Up is down, down is up.

Do you feel like you’ve been in freefall too — spinning, confused, worried, frustrated, unable to focus?

Each day there’s a new challenge, yet another outrage, another reason to adjust and readjust as we try to navigate this neverending nightmare. Choppy waters, impossible mountains to climb, crawling through broken glass, drowning in a pool of tears, you name it.

 

Anthony Browne

 

As Ungar’s poem suggests, we now find ourselves stuck in the middle of a strange story we never chose to be a part of, one we couldn’t have imagined in our wildest dreams. Talk about dystopia.

Because all bets are off, we’ve been forced to make things up as we go. We shop, eat, clean, communicate and connect differently. Companies have changed how they do business. Educators have had to ramp up their superpowers to refine remote learning. Families have set new parameters for work, play, and privacy as they strive for peaceful coexistence. Frontline workers of every stripe, from healthcare employees to delivery people to grocery store clerks, now routinely risk their lives.

We’re all mad here.

 

Charles Robinson (1907)

 

We don’t take much for granted anymore either, not healthcare, safety, financial security, mobility, dependable mail delivery, truth in reporting, or that anchor of steadiness, predictability.

I find anti-maskers sadly foreign with their defiant denial, business-as-usual selfish behavior, and sheer lack of respect or caring for other human beings. A simple act can help save lives. Shouldn’t that be a no brainer?  I keep wondering what happens when they get sick. Do they see a real doctor or call up the My Pillow guy?

Off with their heads!

New buzz words: Zoom, social distancing, quarantine, rapid results testing, contactless delivery, curbside pickup.

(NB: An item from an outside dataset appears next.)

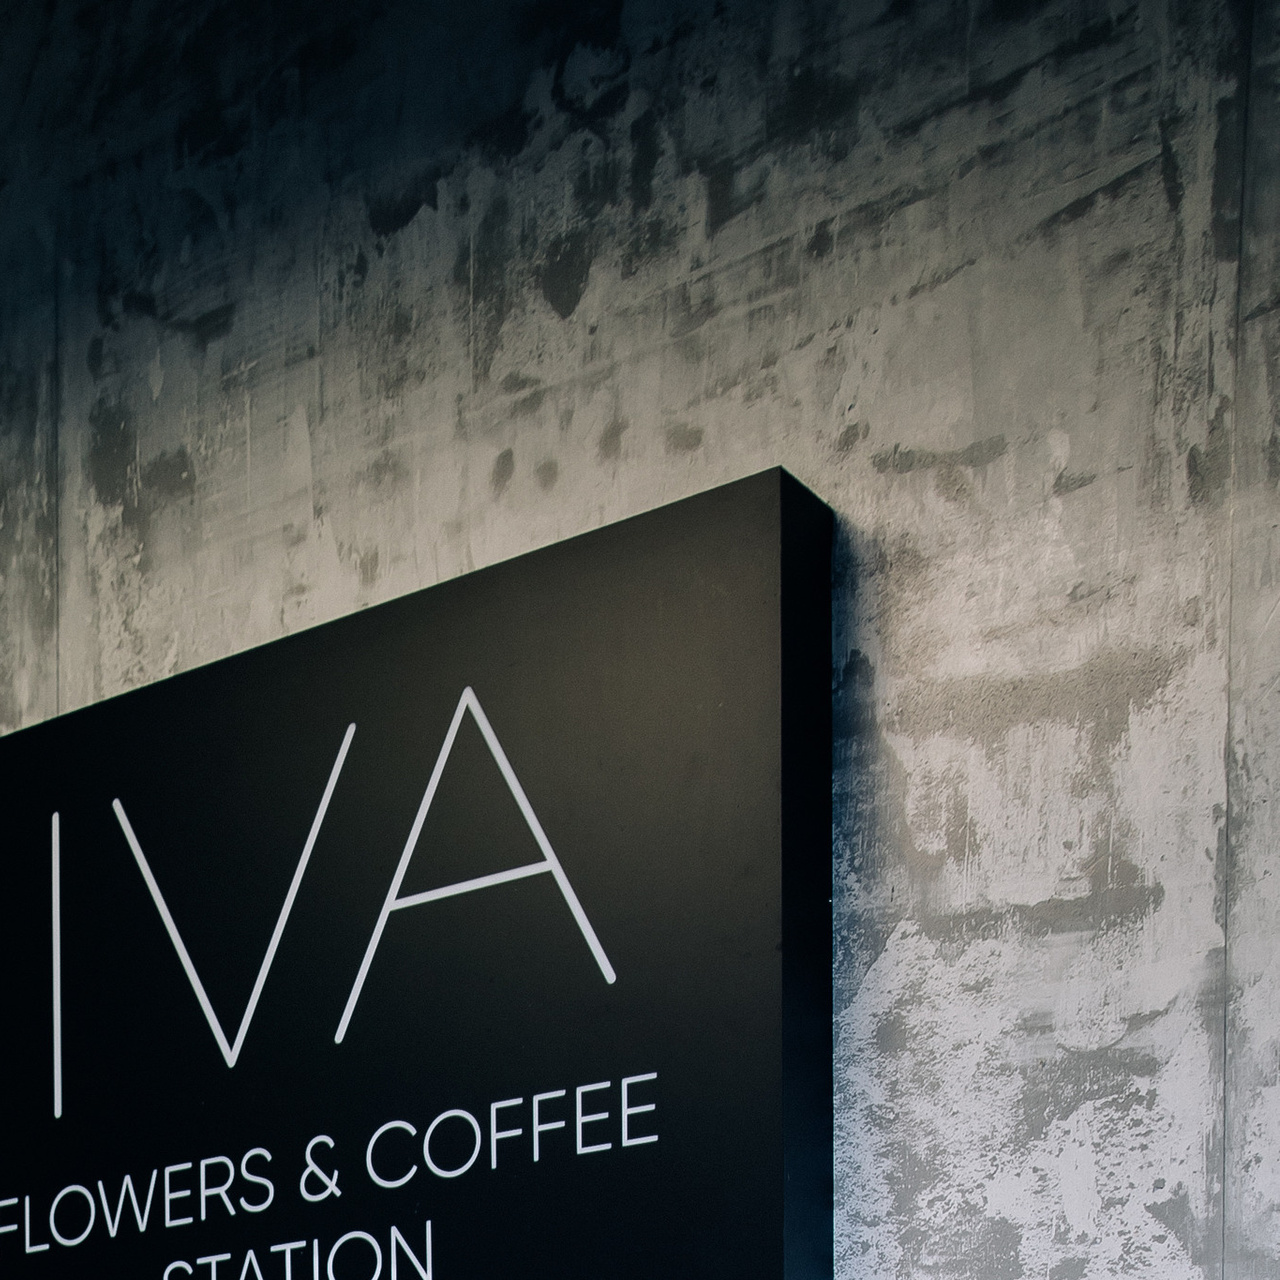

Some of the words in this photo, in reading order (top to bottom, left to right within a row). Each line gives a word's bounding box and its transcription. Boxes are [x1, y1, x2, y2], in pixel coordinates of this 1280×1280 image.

Pipe dreams: shaking hands, hugging, airline travel and vacations, anxiety-free restaurant dining, concerts and sporting events, a classroom full of happy, chattering, maskless kids.

Curiouser and curiouser.

 

Anthony Browne

 

More and more, we realize we have to be the heroes in our own stories. After all, it’s a time when finding yeast or toilet paper at the store is a small victory, when getting your hair cut is an act of bravery.

So how are you finding balance and staying sane? There is simply no right or wrong way to cope. We all do the best we can, armed with a personal cache of magical weapons.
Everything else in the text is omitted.